Pancreatic ductal adenocarcinoma (PDAC) is one of the deadliest cancers in the modern world, in part due to poor delivery of chemotherapeutics. Sonoporation can be used to enhance the efficacy of standard of care therapies for PDAC. Using xenograft models of PDAC we investigate sonoporation using four ifferent ultrasound contrast agents (UCAs) and two ultrasound regimens to identify the ideal parameters to increase therapeutic efficacy. MIA-PaCa2 xenografts in over 175 immunodeficient mice were treated with gemcitabine and paclitaxel and subjected to low or high power ultrasound (60 and 200 mW/cm² respectively) in conjunction with one of four different UCAs.
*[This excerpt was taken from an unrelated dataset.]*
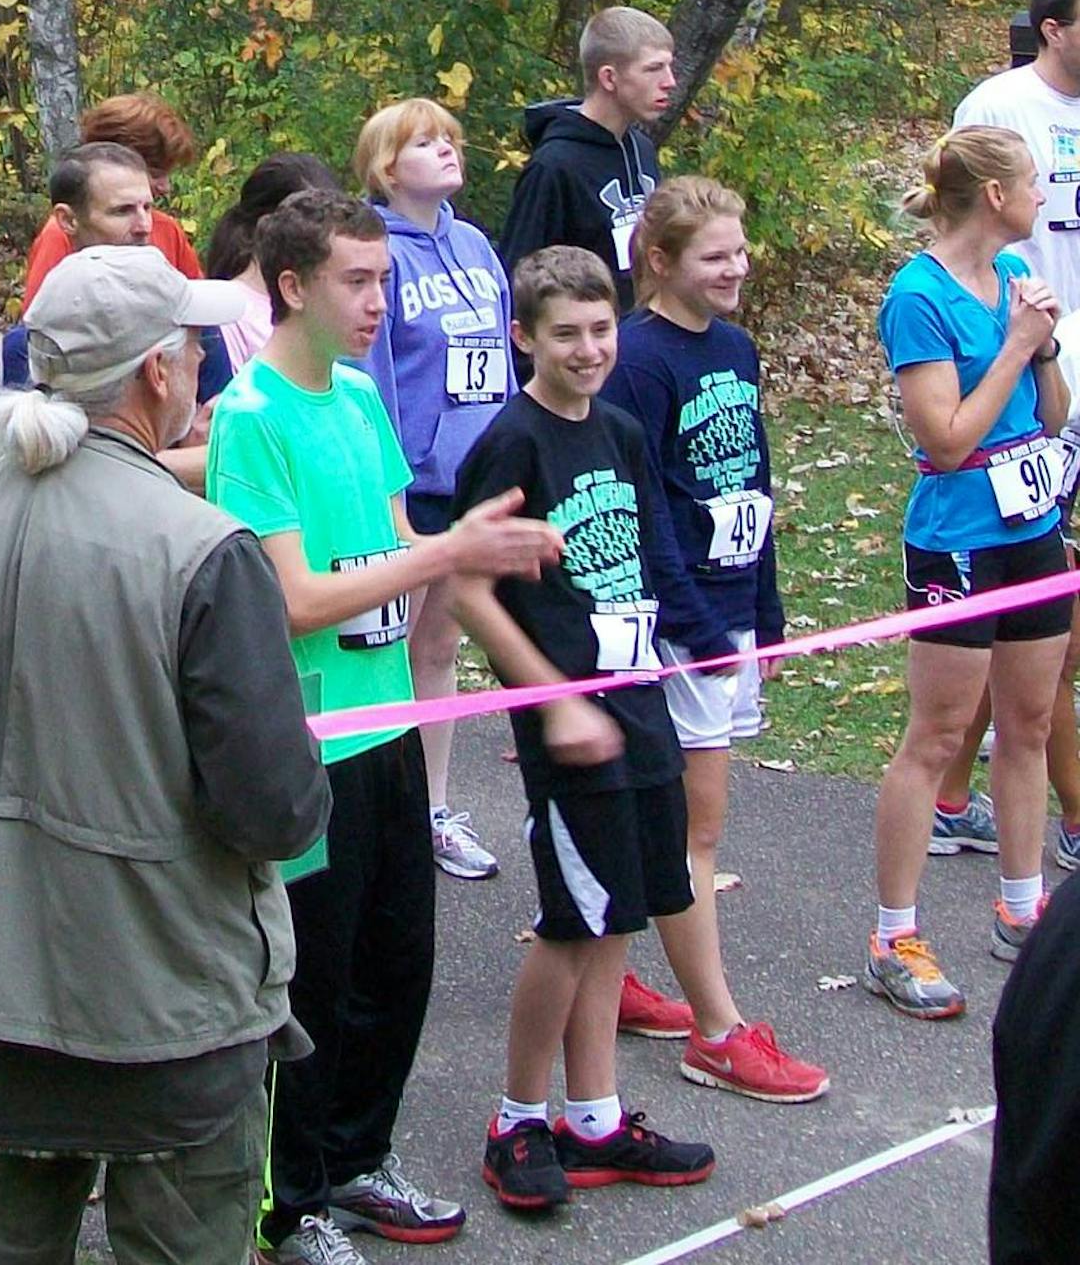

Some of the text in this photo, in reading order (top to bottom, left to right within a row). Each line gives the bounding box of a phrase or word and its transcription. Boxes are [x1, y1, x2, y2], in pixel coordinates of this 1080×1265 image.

[401, 266, 500, 324] BOSTON
[466, 349, 489, 390] 13
[1020, 453, 1051, 504] 90
[730, 503, 756, 553] 49
The UCAs investigated were Definity®, SonoVue®, Optison™ or Sonazoid™. Tumor volumes, vascularity, hemoglobin, and oxygenation were measured and compared to controls. High power treatment in conjunction with Sonazoid sonoporation led to significantly smaller tumors when started early (tumors ~50mm³; p = .0105), while no UCAs significantly increased efficacy in the low power cohort. This trend was also found in larger tumors (~250mm³) where all four UCA agents significantly increased therapeutic efficacy in the high power group (p < .01), while only Definity and SonoVue increased efficacy in the low power cohort (p < .03). Overall, the higher power ultrasound treatment modality was more consistently effective at decreasing tumor volume and increasing vascularity characteristics. In conclusion, Sonazoid was the most consistently effective UCA at decreasing tumor volume and increasing vascularity. Thus, we are pursuing a larger phase II clinical trial to validate the increased efficacy of sonoporation in conjunction with chemotherapy in PDAC patients.